Zum 10-Jährigen (HOW?!) hat Flori mir geschenkt, was ich mir immer wünsche: unterwegs zu sein. Ein Wochenende ohne Kind im Bleiche Resort & Spa zu verbringen, das stand schon lange auf meiner Bucket List. Das Hotel im Spreewald gilt neben dem Vabali Spa in Berlin in unserem Umkreis als die Wellnessoase schlechthin.
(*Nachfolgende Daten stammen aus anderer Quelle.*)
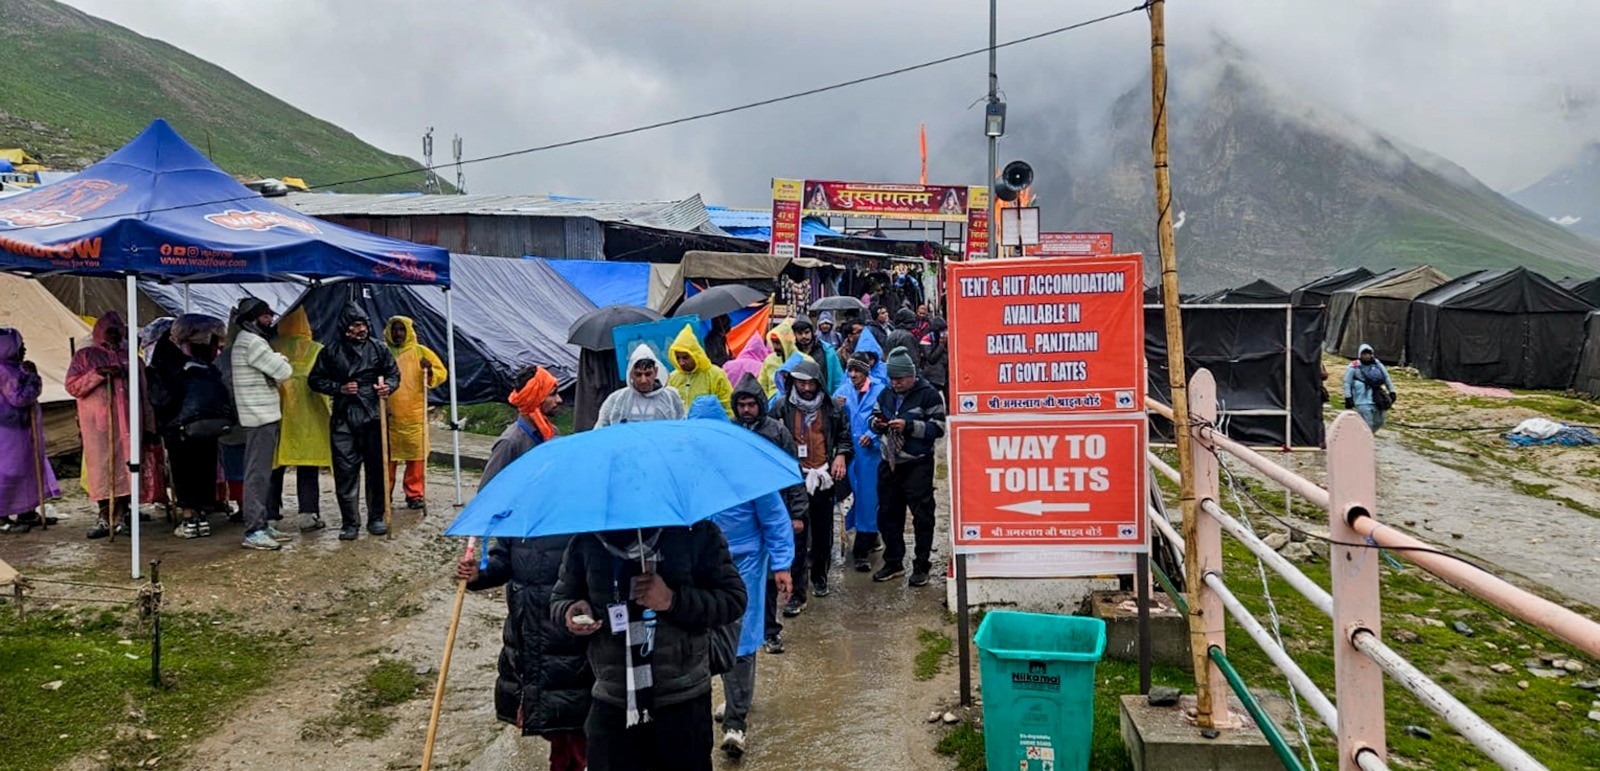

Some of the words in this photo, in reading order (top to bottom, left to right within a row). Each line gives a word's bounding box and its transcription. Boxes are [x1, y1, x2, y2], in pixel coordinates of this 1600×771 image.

[960, 277, 989, 297] TENT
[991, 280, 1000, 296] &
[1002, 275, 1027, 296] HUT
[1028, 272, 1125, 295] ACCOMODATION
[1003, 304, 1065, 325] AVAILABLE
[1067, 303, 1080, 323] IN
[987, 334, 1027, 355] BALTAL
[1035, 332, 1098, 353] PANJTARNI
[999, 362, 1014, 383] AT
[1015, 362, 1048, 382] GOVT.
[1051, 361, 1087, 381] RATES
[988, 396, 1000, 409] श्री
[1042, 395, 1055, 408] जी
[988, 435, 1059, 460] WAY
[1065, 434, 1106, 459] TO
[985, 467, 1110, 492] TOILETS
[991, 526, 1003, 537] श्री
[1045, 526, 1057, 537] जी
[1012, 672, 1061, 686] Nilkamal
Auch wenn ich nicht so gerne in die Sauna gehe, mag ich alles andere, vor allem Rückenmassagen, Lymphdrainagen oder Mani- und Pediküre. Die Koffer wurden also mit Badezeug, chicen Kleidern für den Abend und jeder Menge Vorfreude auf den Kurzurlaub vor den Sommerferien (welch ein Luxus!) gepackt. Am Morgen der Abreise erreichte uns dann die Hiobsbotschaft: Floris Mutter war in der Nacht schwer gestürzt und Paulis Reise mit den Großeltern wurde abgesagt. Also kam sie doch bei uns mit, was kein Problem war: Die Bleiche berechnet unkompliziert pro Kind 65 Euro/Tag, wobei der Saunabereich den Erwachsenen vorbehalten ist. Fand ich okay und die Hauptsache ist ohnehin, dass die Oma auf dem Weg der Besserung ist!
Das Wochenende hat inklusive zwei Übernachtungen, Frühstück, Mittagssnack mit Wasser, Wein und Saft, Kaffee & Kuchen am Nachmittag, Abendmenü, Wasser aus dem Zimmer, ganztägigem Spa-Besuch + vier Anwendungen rund 1.700 Euro gekostet. War es das wert?
Hmmm, jein. Der Preis war für das Hotel und seinen Komfort (keine Klimaanlage, selbst im Spa und den Suiten nicht – wir konnten bei 30 Grad nicht pennen, da half auch der Billig-Ventilator ohne Timer nichts) an sich definitiv zu teuer, aber durch die Preispolitik war das Publikum entsprechend „gut“. Pluspunkte bekommt von uns die Gastro und das Kino mit den großen Sesseln, auf denen wir zu dritt nach dem Abendessen am ersten Abend alle drei eingepennt sind, wären „Die Verachtung“ mit Brigitte Bardot auf der Leinwand lief.
Die Fassade bröckelt allerdings. Überall entdeckt man renovierungsbedürftige Ecken, z.B. die gesplitterte Holzterrasse des Fitnessstudios, beschädigte Deko-Statuen, den rostige Eingangsbereich, das olle Dach, die Kunstrasenmatten im Garten, grellgrüne Auslegeware auf den Fluren, Bauruinen mit Armierungseisen, die sich sinnlos in den Himmel strecken – wir waren ratlos, dass kein Sichtschutz aufgestellt wurde, um die Schandflecken zu verstecken. In der Lobby gab es keinen geraden Lampenschirm – die habe ich zurechtgerückt. Eine Kahnfahrt konnten wir leider auch nicht machen – keen Kahnführer da!
Also hingen wir den ganzen Tag am Pool ab, was für unsere Tochter das Schönste war, weil sie den ganzen Tag draußen schwimmen und auch in die Kindersauna hüpfen konnte. Ich habe mich derweil im Buchladen mit Lesestoff eingedeckt, zum Beispiel: „Wie ein Fisch im Wasser – Geschichten vom Schwimmen“ (Diogenes) mit Geschichten von John von Düffel, Doris Dörrie, Benedict Wells, Zsuzsa Bánk und F. Scott Fitzgerald weil ich auch wieder mit Schwimmen angefangen habe.
Nach einem großen Frühstück mit köstlichen regionalen und liebevoll präsentierten Lebensmitteln (es gab zum Beispiel eine „Käsekammer“), gab es mittags eine Suppe und Kuchen, abends dann in dem riesigen Restaurant oder auf der Terrasse ein dreigängiges Abendmenü und Drinks (extra Rechnung), das wir sehr genossen haben. Unser Kind schlief um 19 Uhr auf einem Outdoorsofa auf der Wiese vor dem Restaurant ein, bis ihr Vater sich zu ihr setze und der Stuhl unter seinem Hintern zusammenbrach.
Wir empfanden unseren Aufenthalt schön, würden bei unseren nächsten Spreewaldbesuch inklusive Kahnfahrt (im Juni: Glühwürmchenfahrt buchen!) aber gerne zum Vergleich das Strandhaus in Lübben testen. Es wirkte ein wenig so, als würde der Besitzer der Bleiche die letzten Jahre vor dem Ruhestand aussitzen, um das Hotel dann zu verkaufen und die Renovierung der neuen Besitzer*in überlassen zu wollen. Schade, denn dieser Ort hat Aufmerksamkeit und Liebe verdient!